* **Prompt**: Please give back the listing exactly, without any of its pictures.

* **Available records**:
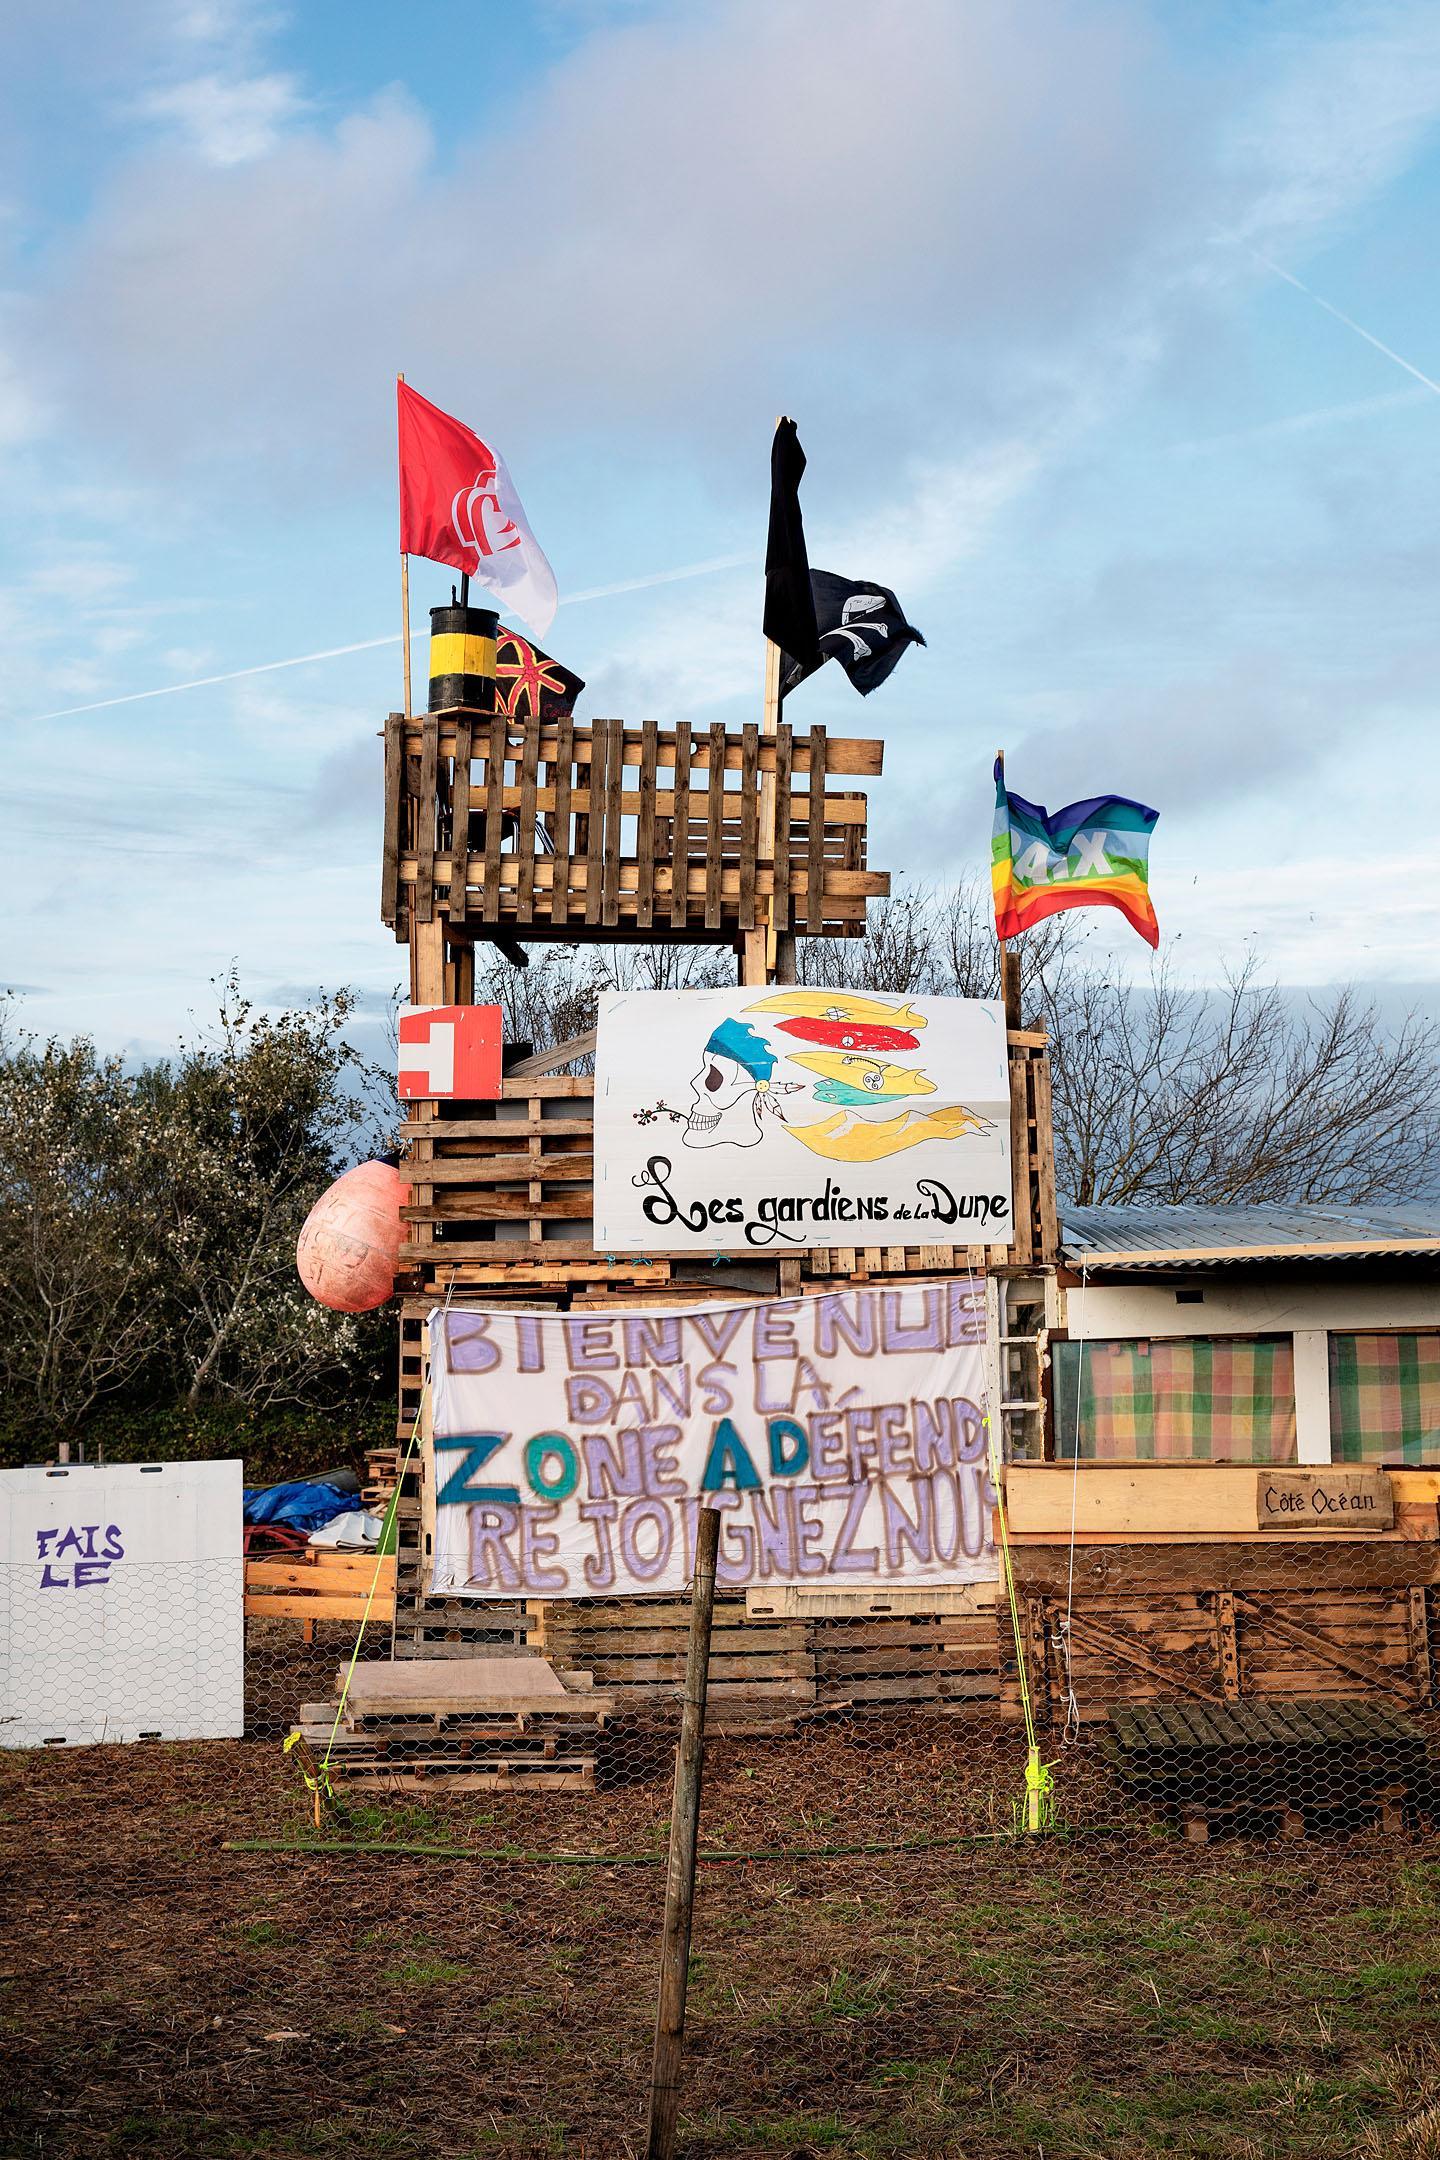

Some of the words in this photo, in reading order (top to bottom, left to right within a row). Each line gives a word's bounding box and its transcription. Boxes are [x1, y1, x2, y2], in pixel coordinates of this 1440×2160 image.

[632, 1156, 744, 1232] Les
[893, 1203, 913, 1220] de
[916, 1179, 1009, 1226] Dune
[444, 1279, 987, 1375] BIENVENUE
[564, 1361, 737, 1426] DANS
[753, 1356, 832, 1415] LA
[434, 1424, 687, 1505] ZONE
[1265, 1487, 1305, 1513] Côté
[1312, 1488, 1376, 1514] Océan
[37, 1524, 124, 1560] FAIS
[40, 1561, 112, 1589] LE
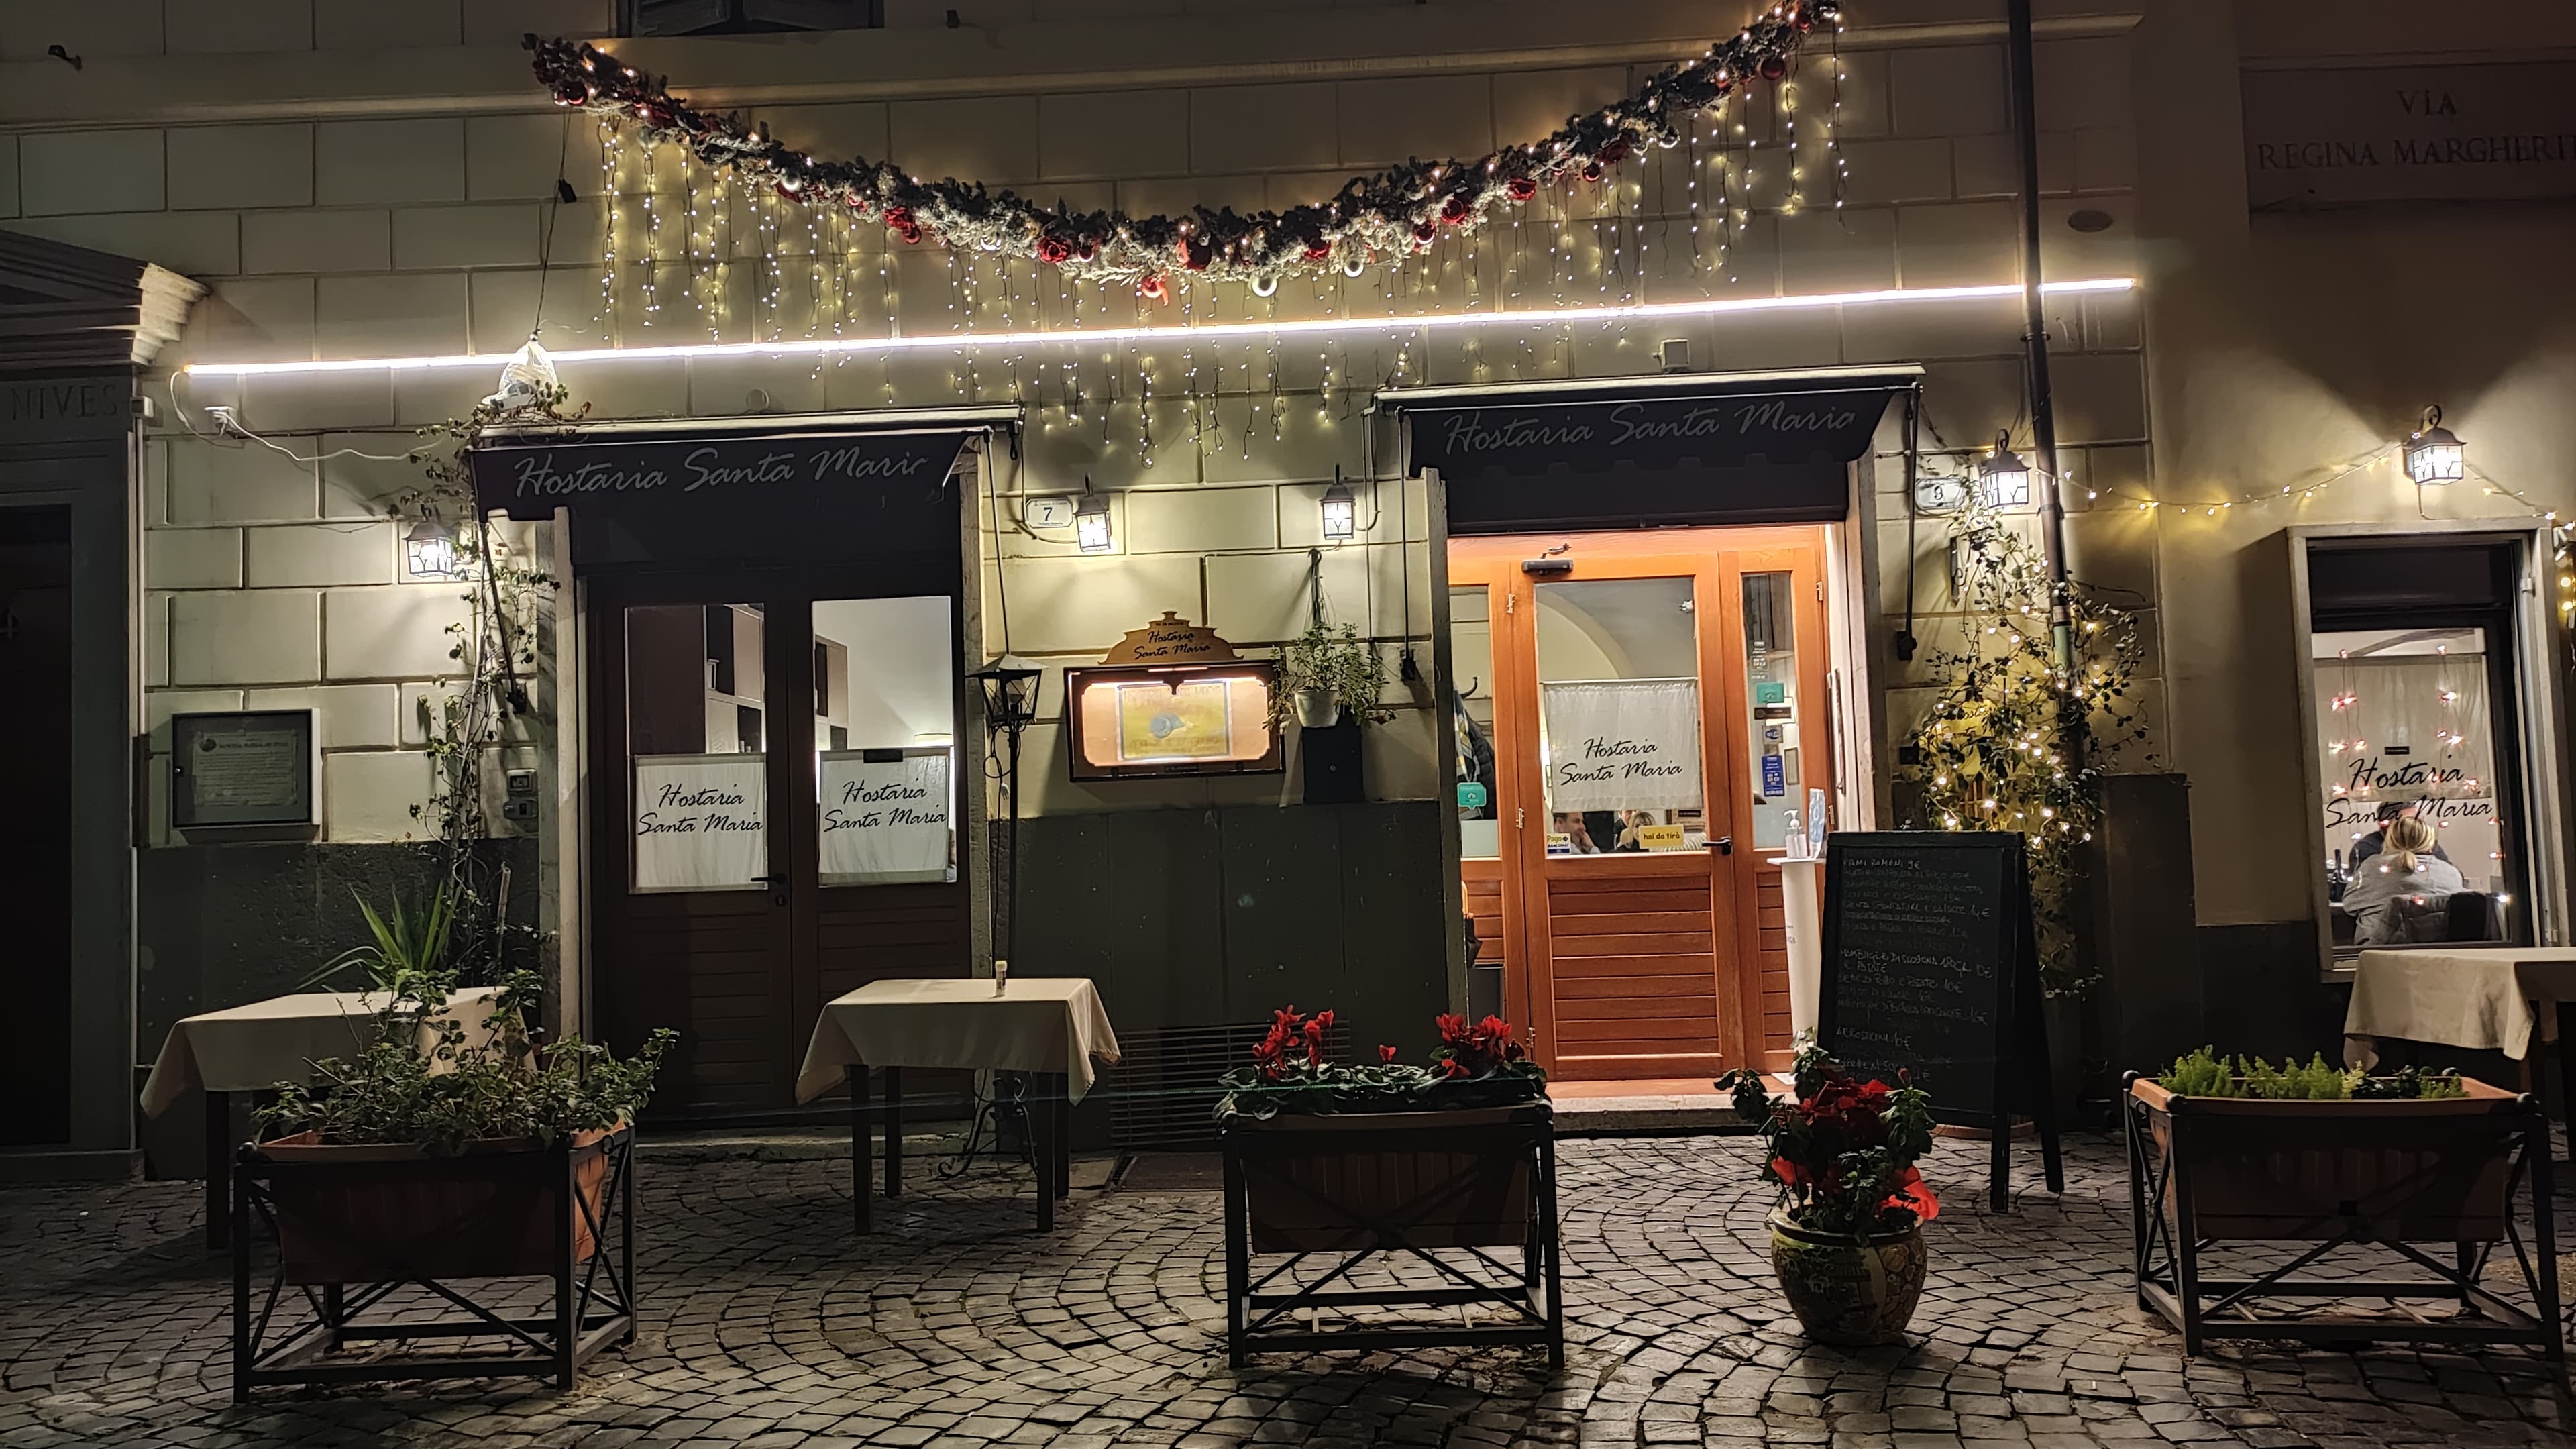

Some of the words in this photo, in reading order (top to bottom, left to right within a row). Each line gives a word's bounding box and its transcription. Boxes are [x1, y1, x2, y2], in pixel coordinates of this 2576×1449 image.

[2397, 89, 2457, 116] VIA
[2257, 141, 2379, 170] REGINA
[10, 384, 118, 421] NIVES
[1443, 412, 1594, 455] Hostaria
[1610, 403, 1721, 445] Santa
[1734, 400, 1856, 433] Maria
[514, 454, 668, 497] Hostaria
[683, 447, 795, 492] Santa
[1934, 485, 1943, 500] 9
[1044, 506, 1053, 521] 7
[1148, 629, 1195, 644] Hostaria
[1134, 645, 1169, 660] Santa
[1172, 642, 1212, 655] Maria
[1584, 735, 1658, 759] Hostaria
[1560, 762, 1614, 786] Santa
[1620, 760, 1684, 779] Maria
[2349, 754, 2465, 791] Hostaria
[659, 782, 745, 808] Hostaria
[842, 777, 928, 804] Hostaria
[824, 808, 881, 833] Santa
[888, 804, 947, 828] Maria
[2326, 797, 2404, 829] Santa
[2415, 790, 2493, 819] Maria
[637, 812, 698, 836] Santa
[703, 812, 763, 833] Maria

* **Exercise output**:
Some of the words in this photo, in reading order (top to bottom, left to right within a row). Each line gives a word's bounding box and its transcription. Boxes are [x1, y1, x2, y2], in pixel coordinates of this 1440×2160 image.

[632, 1156, 744, 1232] Les
[893, 1203, 913, 1220] de
[916, 1179, 1009, 1226] Dune
[444, 1279, 987, 1375] BIENVENUE
[564, 1361, 737, 1426] DANS
[753, 1356, 832, 1415] LA
[434, 1424, 687, 1505] ZONE
[1265, 1487, 1305, 1513] Côté
[1312, 1488, 1376, 1514] Océan
[37, 1524, 124, 1560] FAIS
[40, 1561, 112, 1589] LE

Some of the words in this photo, in reading order (top to bottom, left to right within a row). Each line gives a word's bounding box and its transcription. Boxes are [x1, y1, x2, y2], in pixel coordinates of this 2576×1449 image.

[2397, 89, 2457, 116] VIA
[2257, 141, 2379, 170] REGINA
[10, 384, 118, 421] NIVES
[1443, 412, 1594, 455] Hostaria
[1610, 403, 1721, 445] Santa
[1734, 400, 1856, 433] Maria
[514, 454, 668, 497] Hostaria
[683, 447, 795, 492] Santa
[1934, 485, 1943, 500] 9
[1044, 506, 1053, 521] 7
[1148, 629, 1195, 644] Hostaria
[1134, 645, 1169, 660] Santa
[1172, 642, 1212, 655] Maria
[1584, 735, 1658, 759] Hostaria
[1560, 762, 1614, 786] Santa
[1620, 760, 1684, 779] Maria
[2349, 754, 2465, 791] Hostaria
[659, 782, 745, 808] Hostaria
[842, 777, 928, 804] Hostaria
[824, 808, 881, 833] Santa
[888, 804, 947, 828] Maria
[2326, 797, 2404, 829] Santa
[2415, 790, 2493, 819] Maria
[637, 812, 698, 836] Santa
[703, 812, 763, 833] Maria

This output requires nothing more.